The most basic spectroscope is simply a 1 1/.4" screw in filter 'transmission grating' that you place in the light path. These devices (such as the 'Star Analyser') are (as usual) 'astronomically' priced (£100 - £200) and typically have relatively low 'line counts' (lines/mm, such as the 100 lpmm = SA-100 or 200 = SA-200) which limit the resolution of the result. Lower counts are suitable for tiny 'web-cam' sensors (which, in effect, 'magnify' the spread), whilst the higher counts (which give more 'spread') are only suitable for larger telescopes (> 8") with larger sensors (such as those found in DSLR). The 'filter' just spreads everything in the field of view 'sideways', which can be an advantage as it gives you the spectrum of multiple sources 'simultaneously' (so you can include a 'known' star to act as a 'calibration' whilst capturing an 'unknown', such as a supernova). It's to be noted that smaller telescopes work best with transmission gratings.
Photo below: Alun H. SA-100 'full field view' spectrum spreads out 'sideways' (contrast and brightness enhanced to bring out the Ring Nebula - the 'zero order' (very faint) source can be seen center with 0III and H-alpha emission 'lines' (bright rings) right). Click the image for a better view
Ed. You don't have to pay a fortune to get into spectroscopy - see, for example, how to build a mini Spectroscope using a music CD. It's also worth noting that materials for a DIY spectrometer need not be expensive. You can find high resolution diffraction 'gratings' (1000 lpmm and above) are available in photographic 'slide' form for a few $'s and intended for visual use as 'teachers aids'. It's even possible to purchase 2.5" prisms for less than $10 ! However the quality of these can be very variable - from 'usable' to 'toy' - and anything over 100 lpmm is 'difficult' (read, 'almost impossible') to use with small telescopes, not-too-solid mounts and less than perfect tracking :-)
Other types of spectroscope start with a 'target selection slit' at the focal point of your telescope. It's main function is to block out the light from other stars, so the spectrum is formed by the single 'target'. Most are adjustable in both position and 'gap' - the position lets you 'select' any 'target' star in the field of view (by using the slit, rather than by having to adjust the telescope itself). The size of the gap determines the 'width' of the spectral lines - so whilst the smaller the gap the 'finer' the lines and thus the better the 'accuracy', a smaller gap means lower light intensity (and thus longer exposure times), so, for high accuracy work, some form of 'auto-guiding' is a must.

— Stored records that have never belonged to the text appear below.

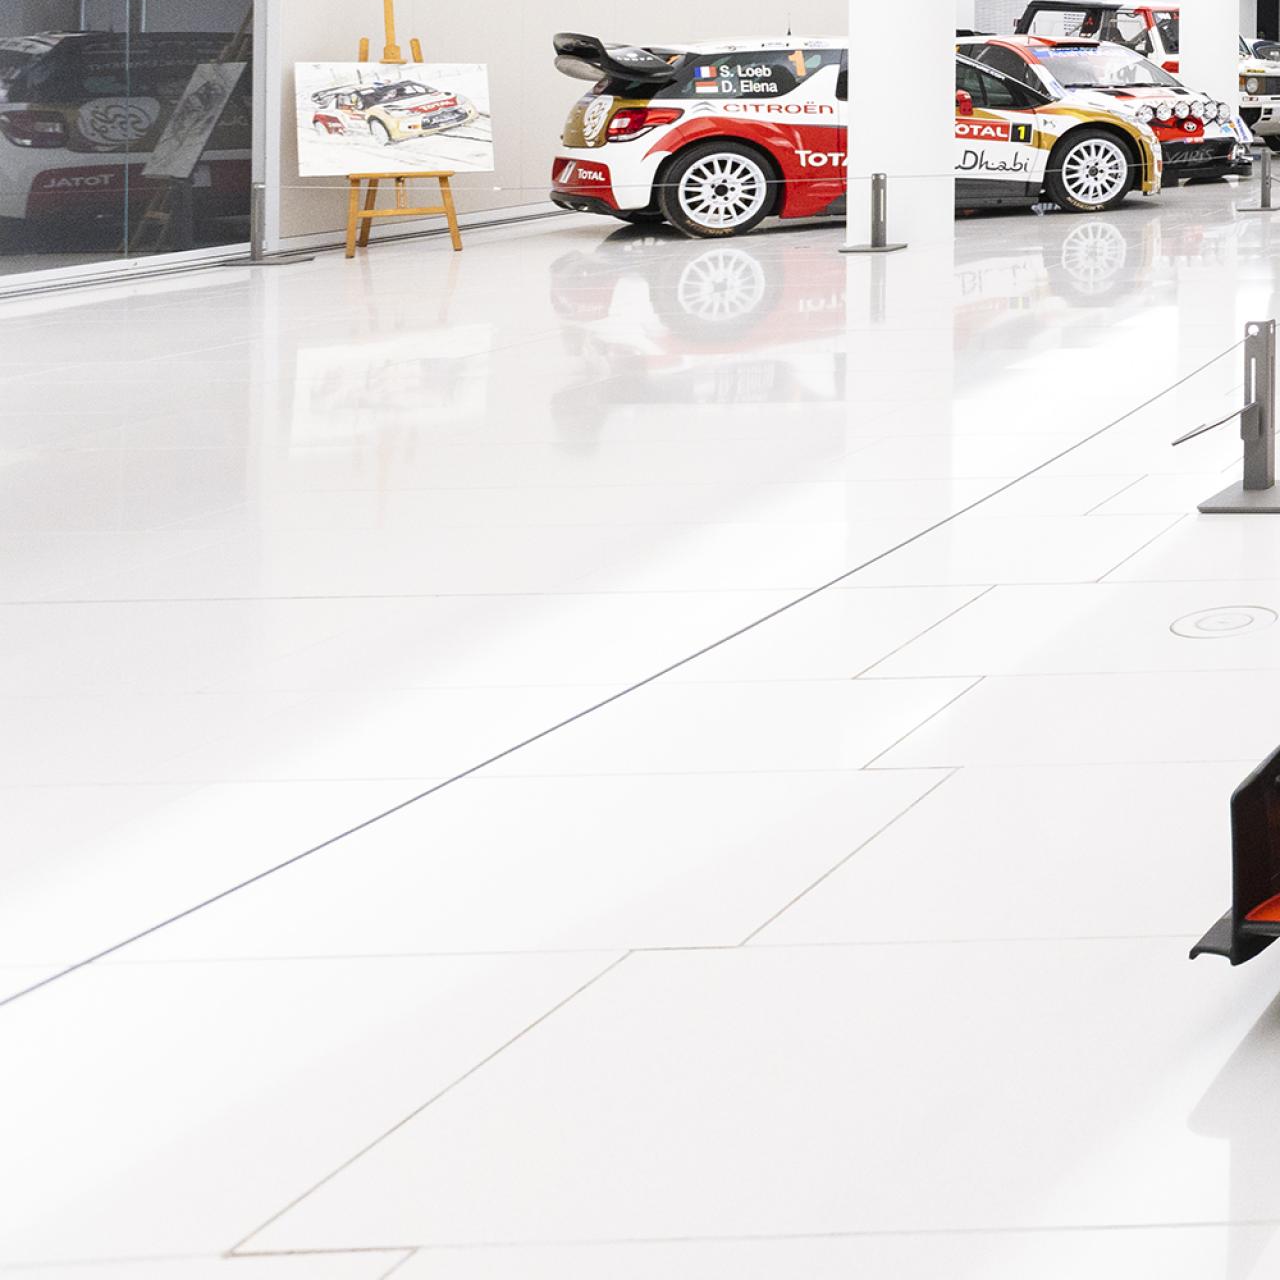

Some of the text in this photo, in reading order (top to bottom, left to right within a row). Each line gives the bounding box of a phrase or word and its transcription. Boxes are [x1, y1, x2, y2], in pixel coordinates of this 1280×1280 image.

[719, 65, 772, 78] S. Loeb
[721, 80, 778, 93] D. Elena
[955, 122, 1008, 138] OTAL
[1017, 125, 1026, 139] 1
[794, 149, 848, 168] TOT
[955, 150, 1030, 173] Dhabi
[577, 167, 606, 182] TOTAL

Adjustable slit's also have one real problem (of course) - that of repeatability. When observing a variable star (for example, a new nova in a distant galaxy), it's hard to adjust the slit 'gap' to exactly the same size on each successive nights observing.

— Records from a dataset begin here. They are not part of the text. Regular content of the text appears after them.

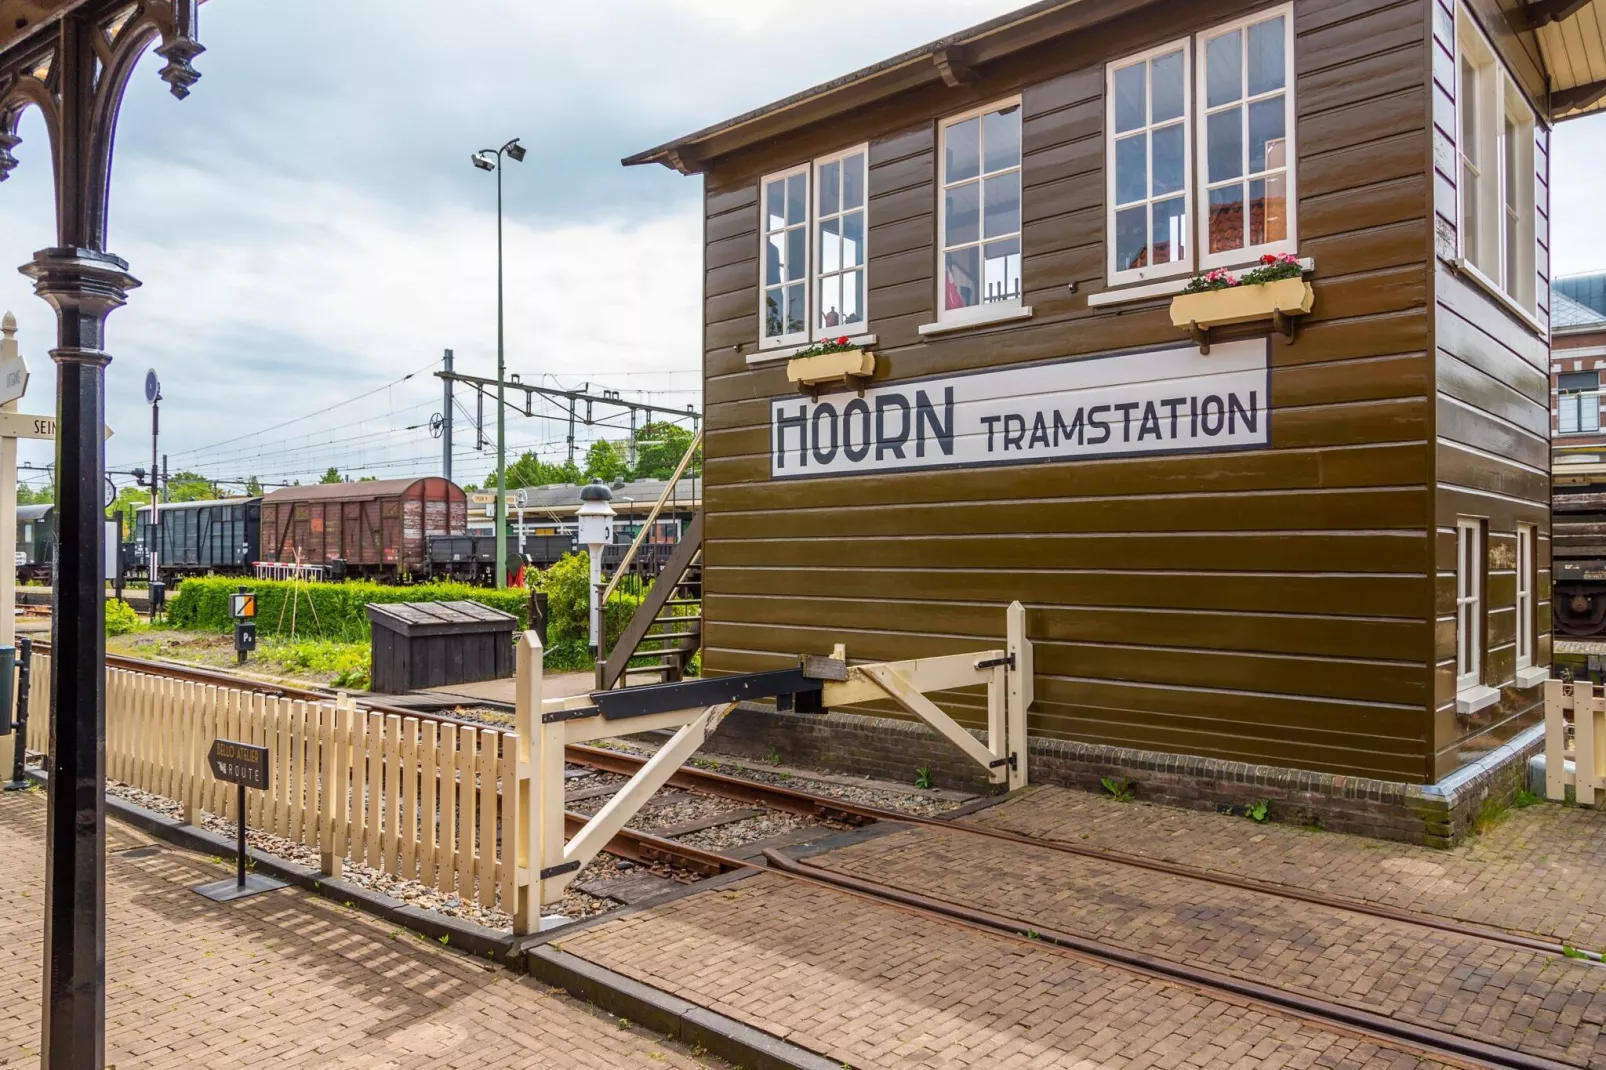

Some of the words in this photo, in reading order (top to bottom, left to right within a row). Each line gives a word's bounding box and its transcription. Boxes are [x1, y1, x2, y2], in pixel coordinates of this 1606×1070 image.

[776, 386, 955, 468] HOORN
[981, 390, 1257, 452] TRAMSTATION
[216, 742, 234, 758] BELLO
[237, 748, 259, 763] ATELIER
[228, 763, 259, 782] ROUTE

One type of (non-adjustable) DIY slit is simply a 'scratch in a 90 degree diagonal mirror'. The light that traverses the slit is fed to the spectroscope whilst the rest of the field of view is available for visual alignment and auto-guiding
Following the slit, a lens must refocus the 'target' light into a parallel beam. This is then fed to the diffraction grating - of which there are two types, 'transmission' and 'reflection' (reflection types being more common ?). After the spectral lines are formed, a focusing lens passes the result to the camera.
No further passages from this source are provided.